The Financial Conduct Authority's consumer duty represents one of the largest pieces of regulatory reform in the retail sector for more than a decade.
The regulator’s policy statement, published last month, introduces a higher level of consumer protection across retail financial markets. The implementation deadline for most of the final rules is only a year away, with the FCA expecting firms to carry out all implementation planning by the end of October this year.
Embedding the consumer duty will clearly mean major changes in the way that firms interact with their retail customers, but given the scale of the impact across the firm, it can be challenging to break down the impact in a practical way.
For this reason, in this article we have considered two of the key – though certainly not the only – structural and process changes for retail investment advisory firms, which are mission critical to ensuring compliance with the consumer duty by this time next year.
What impact will the duty have on retail investment advisers at a high level?
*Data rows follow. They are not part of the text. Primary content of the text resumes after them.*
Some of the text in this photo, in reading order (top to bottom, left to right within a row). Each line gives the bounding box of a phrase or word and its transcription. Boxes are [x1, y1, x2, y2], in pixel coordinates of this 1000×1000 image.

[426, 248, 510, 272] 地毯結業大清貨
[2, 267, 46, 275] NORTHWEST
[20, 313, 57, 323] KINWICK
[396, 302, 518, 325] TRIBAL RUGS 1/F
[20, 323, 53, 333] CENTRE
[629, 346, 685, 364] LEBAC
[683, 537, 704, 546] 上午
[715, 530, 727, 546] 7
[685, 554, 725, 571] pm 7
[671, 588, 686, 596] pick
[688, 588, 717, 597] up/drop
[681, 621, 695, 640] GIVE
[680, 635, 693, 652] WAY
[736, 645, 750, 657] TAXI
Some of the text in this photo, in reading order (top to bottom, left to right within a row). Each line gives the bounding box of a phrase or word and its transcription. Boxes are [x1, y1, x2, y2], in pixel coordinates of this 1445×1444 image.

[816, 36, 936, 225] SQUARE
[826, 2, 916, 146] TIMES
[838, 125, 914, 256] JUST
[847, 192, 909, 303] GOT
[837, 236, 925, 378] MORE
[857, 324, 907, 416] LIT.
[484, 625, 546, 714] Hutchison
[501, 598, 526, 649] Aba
The FCA’s own estimate is that one-off implementation costs for the sector could be as high as £2.4bn.
Although the FCA expected firms to start their implementation plans on the basis of its previous consultation paper (as published in December 2021), the certainty provided by these final rules mean that that there is no excuse for firms not ramping up their preparations.
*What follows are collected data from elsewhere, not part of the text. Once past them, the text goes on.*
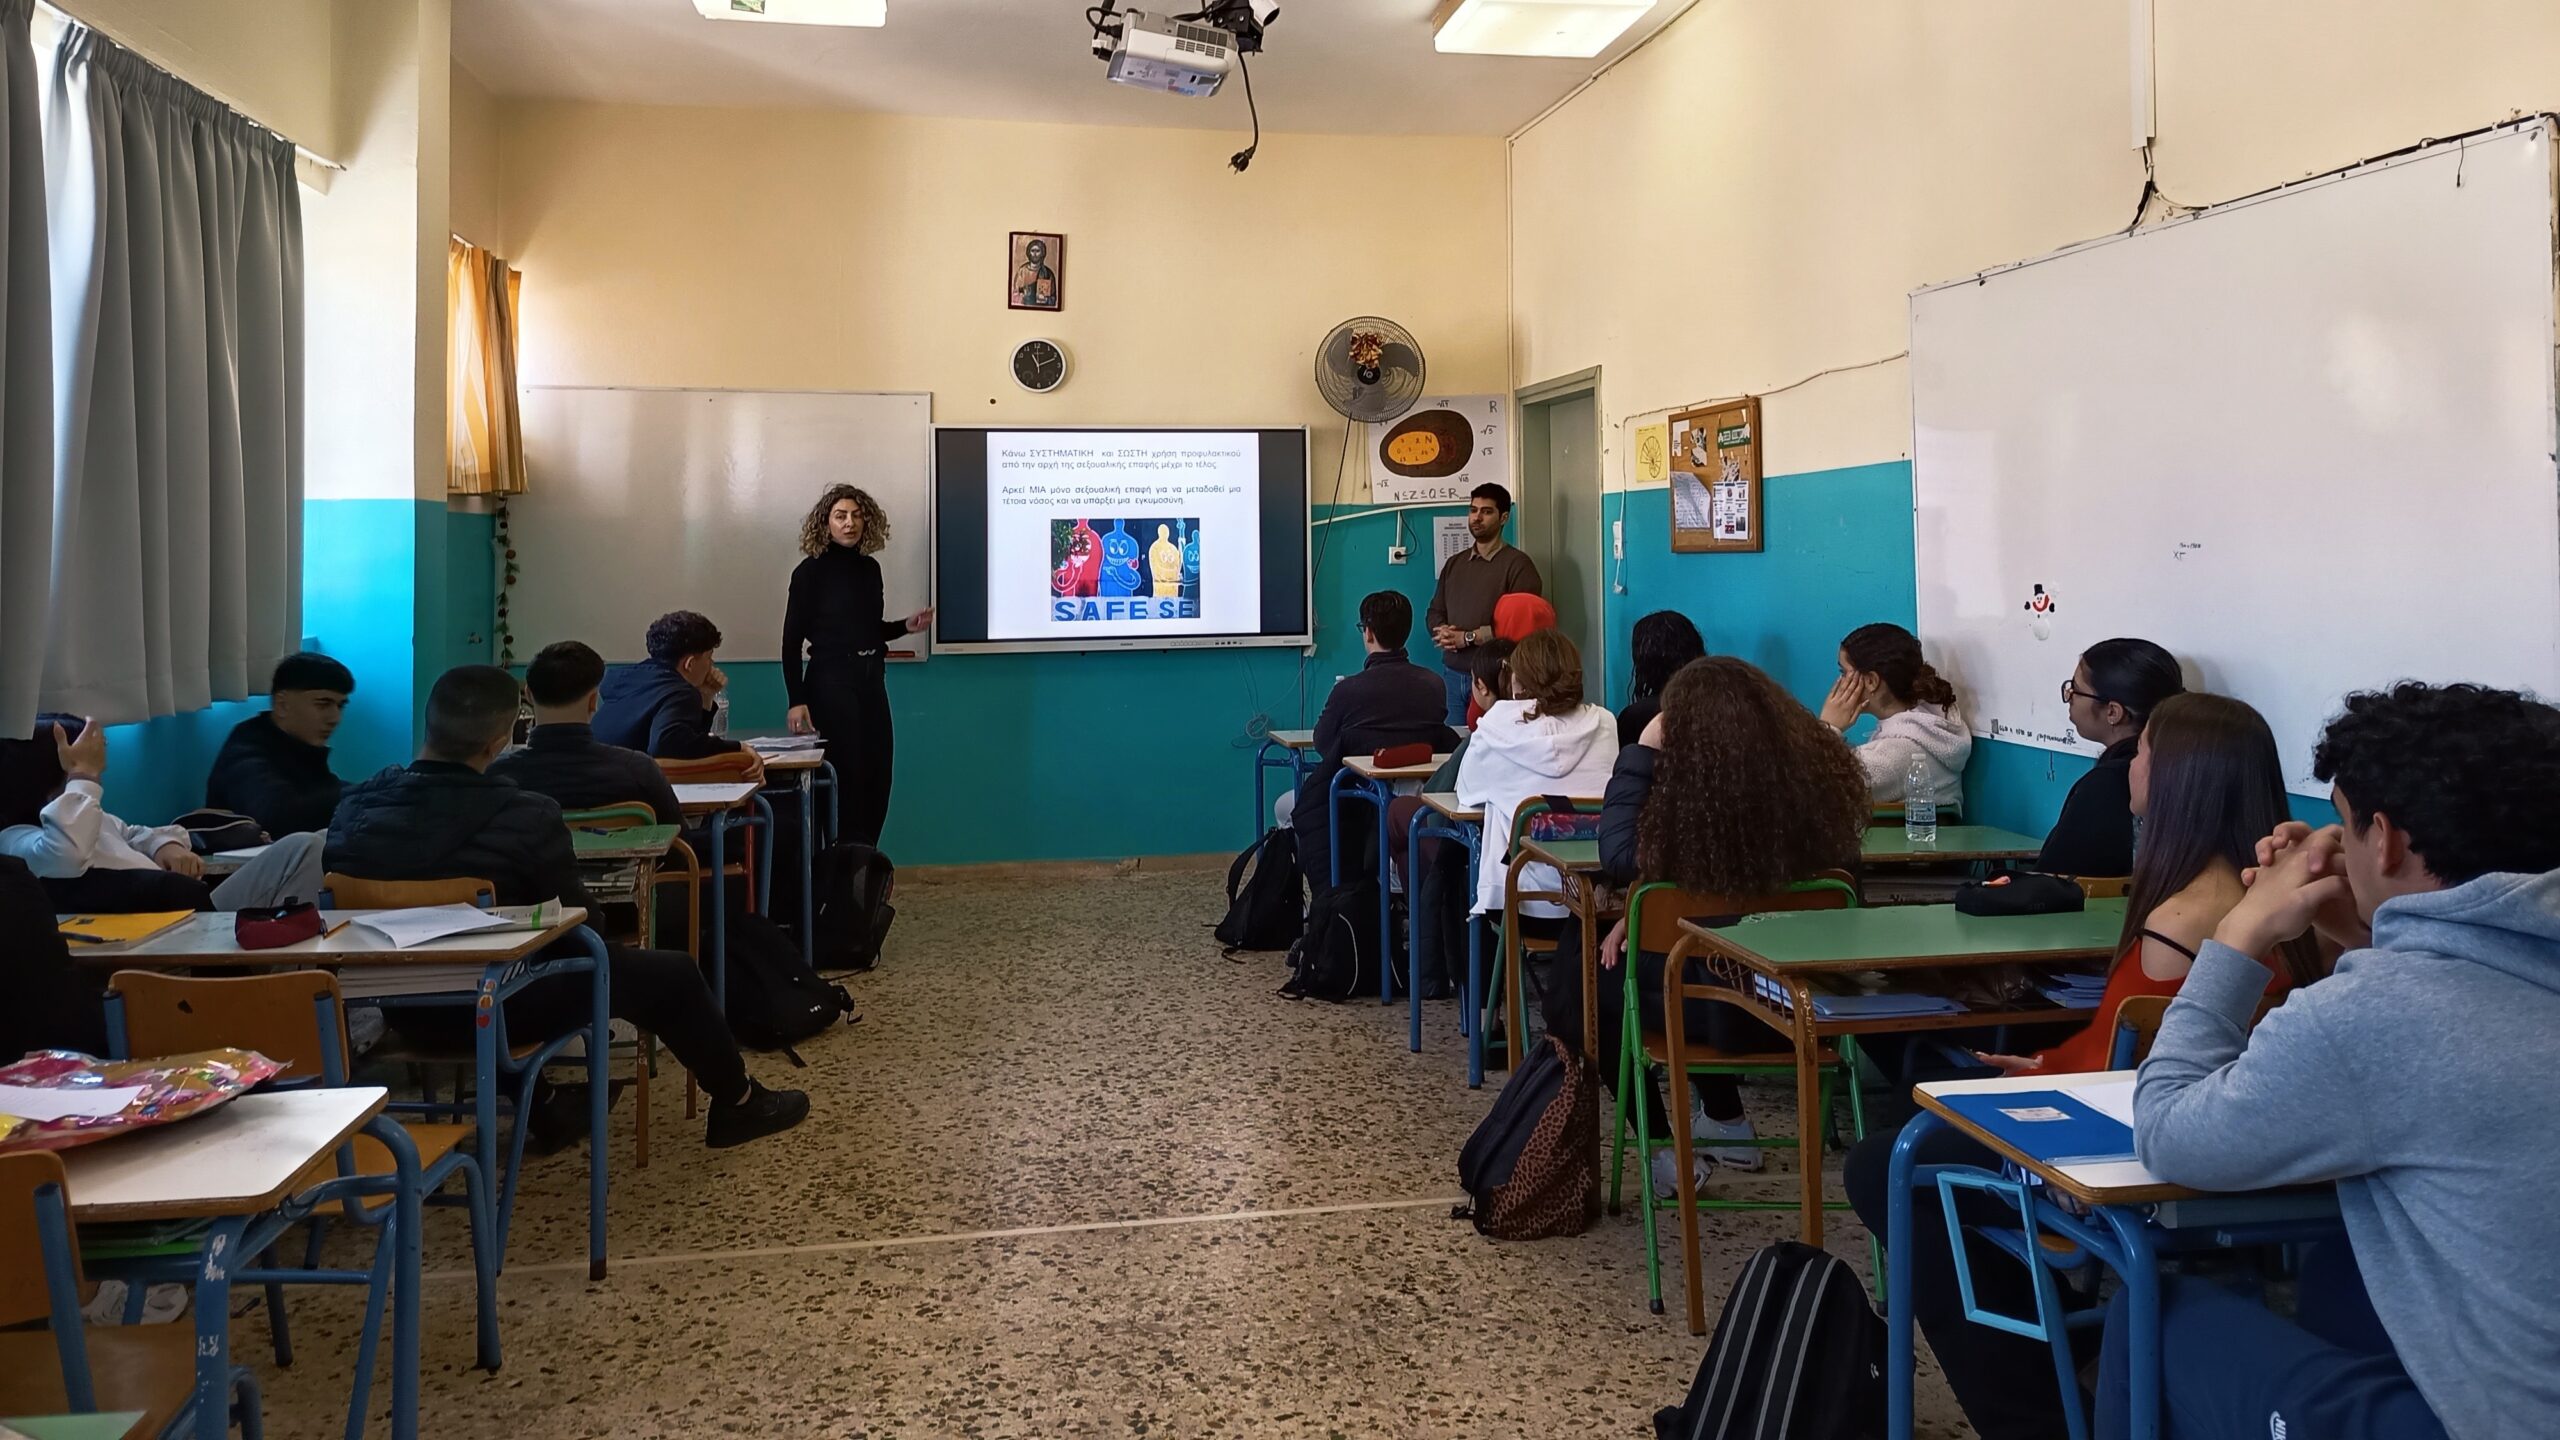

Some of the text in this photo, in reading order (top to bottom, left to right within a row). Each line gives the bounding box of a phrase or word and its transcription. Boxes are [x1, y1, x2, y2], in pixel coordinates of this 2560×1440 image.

[1489, 400, 1498, 413] R
[1002, 449, 1026, 457] Κάνω
[1030, 449, 1094, 457] ΣΥΣΤΗΜΑΤΙΚΗ
[1118, 449, 1148, 457] ΣΩΣΤΗ
[1152, 449, 1177, 459] χρήση
[1181, 449, 1241, 459] προφυλακτικού
[1022, 461, 1035, 469] την
[1038, 461, 1059, 469] αρχή
[1061, 461, 1075, 469] της
[1077, 460, 1127, 470] σεξουαλικής
[1128, 461, 1159, 470] επαφής
[1161, 461, 1182, 470] μέχρι
[1002, 486, 1025, 495] Αρκεί
[1050, 486, 1071, 495] μόνο
[1075, 486, 1121, 495] σεξουαλική
[1125, 485, 1151, 495] επαφή
[1155, 487, 1168, 495] για
[1186, 485, 1225, 495] μεταδοθεί
[1229, 486, 1242, 494] μια
[1029, 497, 1055, 506] νόσος
[1084, 497, 1116, 506] υπάρξει
[1055, 600, 1195, 621] SAFE SE
All firms subject to the consumer duty must act to deliver good outcomes to customers and comply with the cross-cutting rules.
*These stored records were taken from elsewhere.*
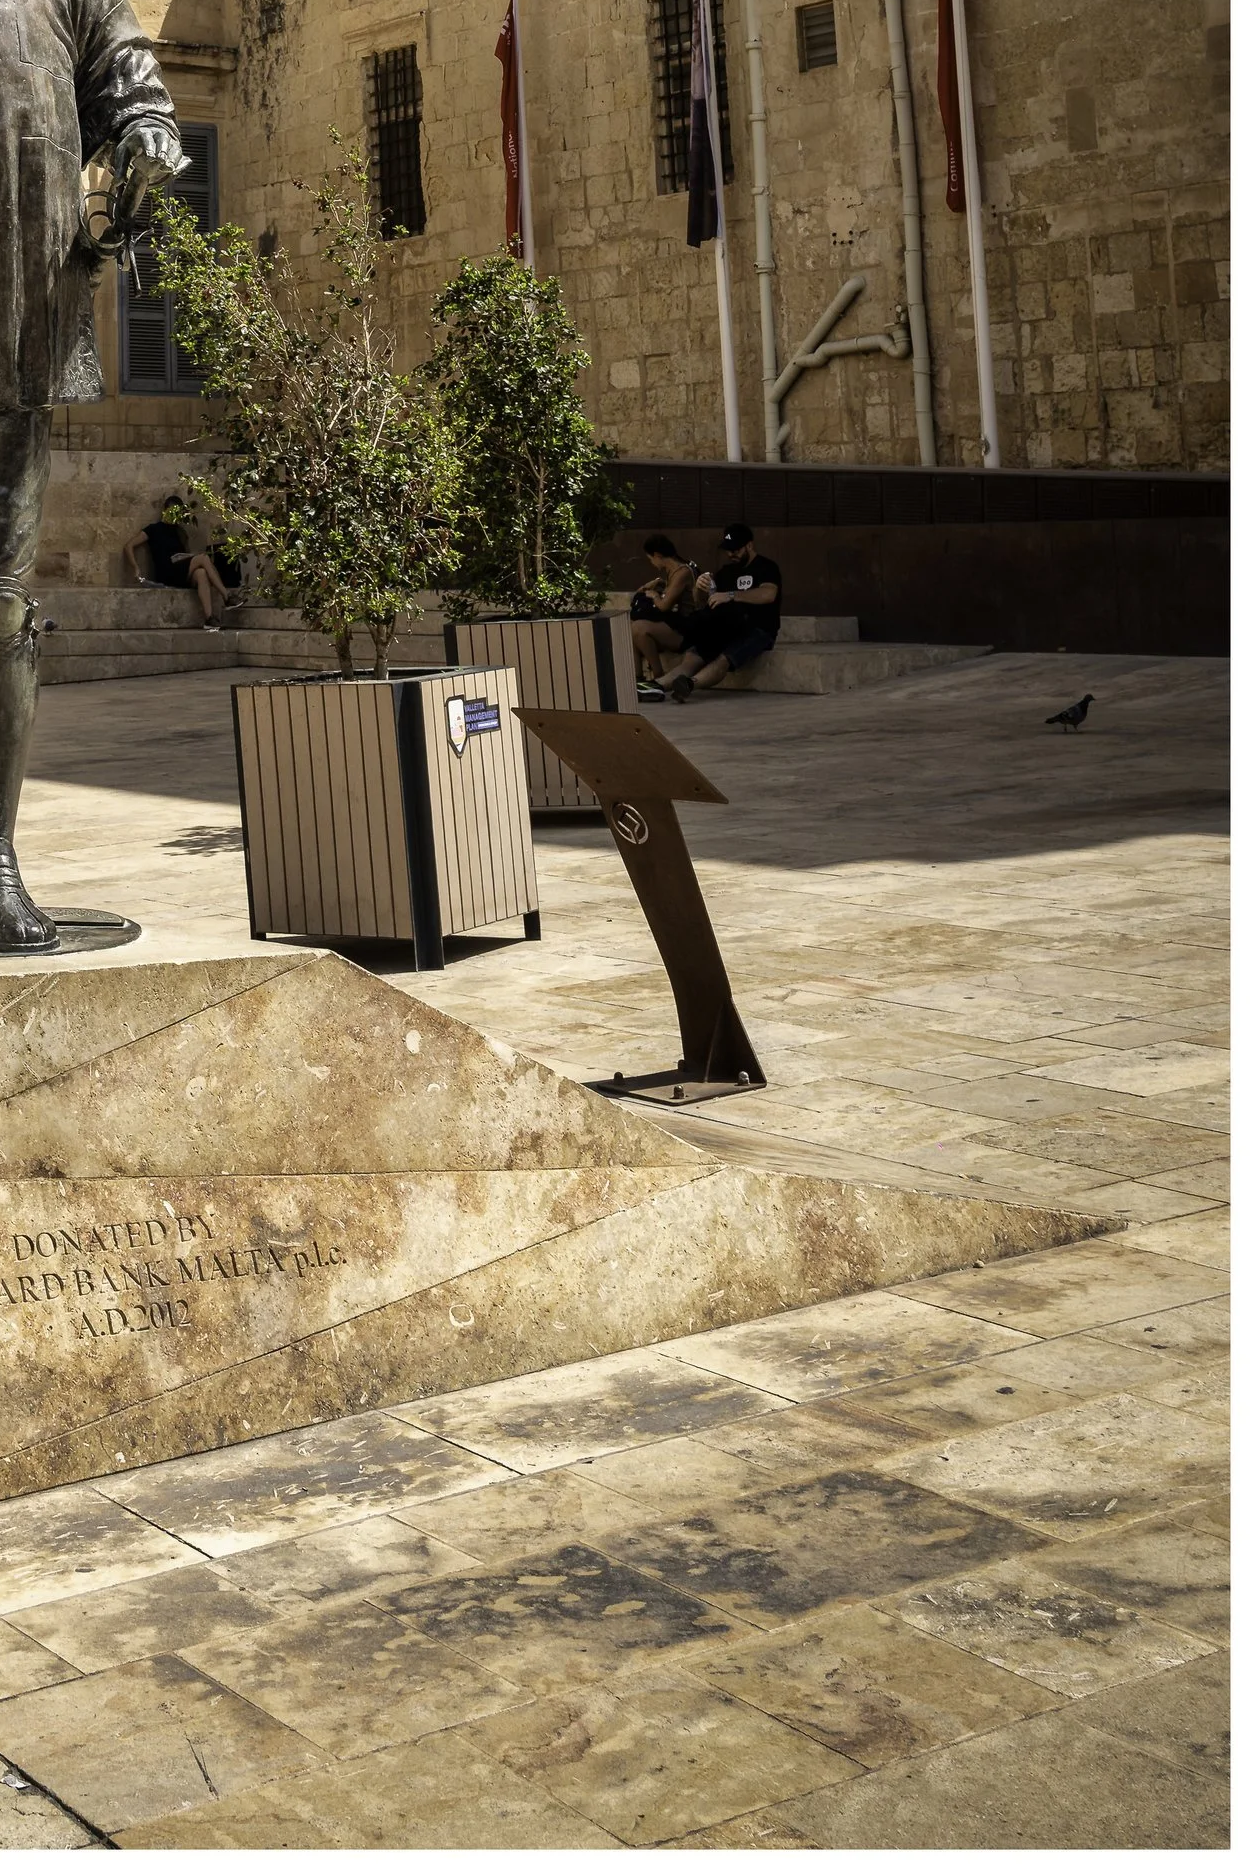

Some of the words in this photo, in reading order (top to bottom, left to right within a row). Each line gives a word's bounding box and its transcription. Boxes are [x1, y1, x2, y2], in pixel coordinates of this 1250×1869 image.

[739, 579, 751, 587] boo
[464, 702, 485, 712] VALLETTA
[464, 709, 498, 723] MANAGEMENT
[466, 723, 478, 732] PLAN
[11, 1218, 167, 1262] DONATED
[177, 1213, 216, 1243] BY
[73, 1260, 171, 1296] BANK
[176, 1246, 285, 1284] MALTA
[293, 1240, 348, 1277] p.l.c.
Firms providing financial advice will have a crucial role to help avoid causing foreseeable harm and ensure that their final products and associated support will help customers realise their financial objectives.
Firms must consider how they meet the consumer duty in the design and delivery of their initial and ongoing advisory services. Some firms may have more obligations than others to meet the consumer duty.
A comparison used by the FCA is the financial adviser providing holistic financial advice and wealth management on an ongoing basis who has a more wide-ranging relationship with customers, and therefore more obligations under the consumer duty than a firm providing a simple current account that has no non-essential add-ons.
What services are in scope?
Firms providing investment advice to retail customers are at the sharp end. For retail advisory firms, almost all aspects of the firm’s business with retail customers will need to be re-examined so as to comply with the consumer duty. All aspects of the customer journey will be impacted.
However, there are also likely to be fundamental organisational challenges for firms, as the FCA’s proposals include a number of requirements relating to how firms approve new products and review their existing products and services.
In addition to this, firms will need to ensure that their management body is provided with sufficient information to be able to attest that the firm is compliant with the consumer duty as a whole.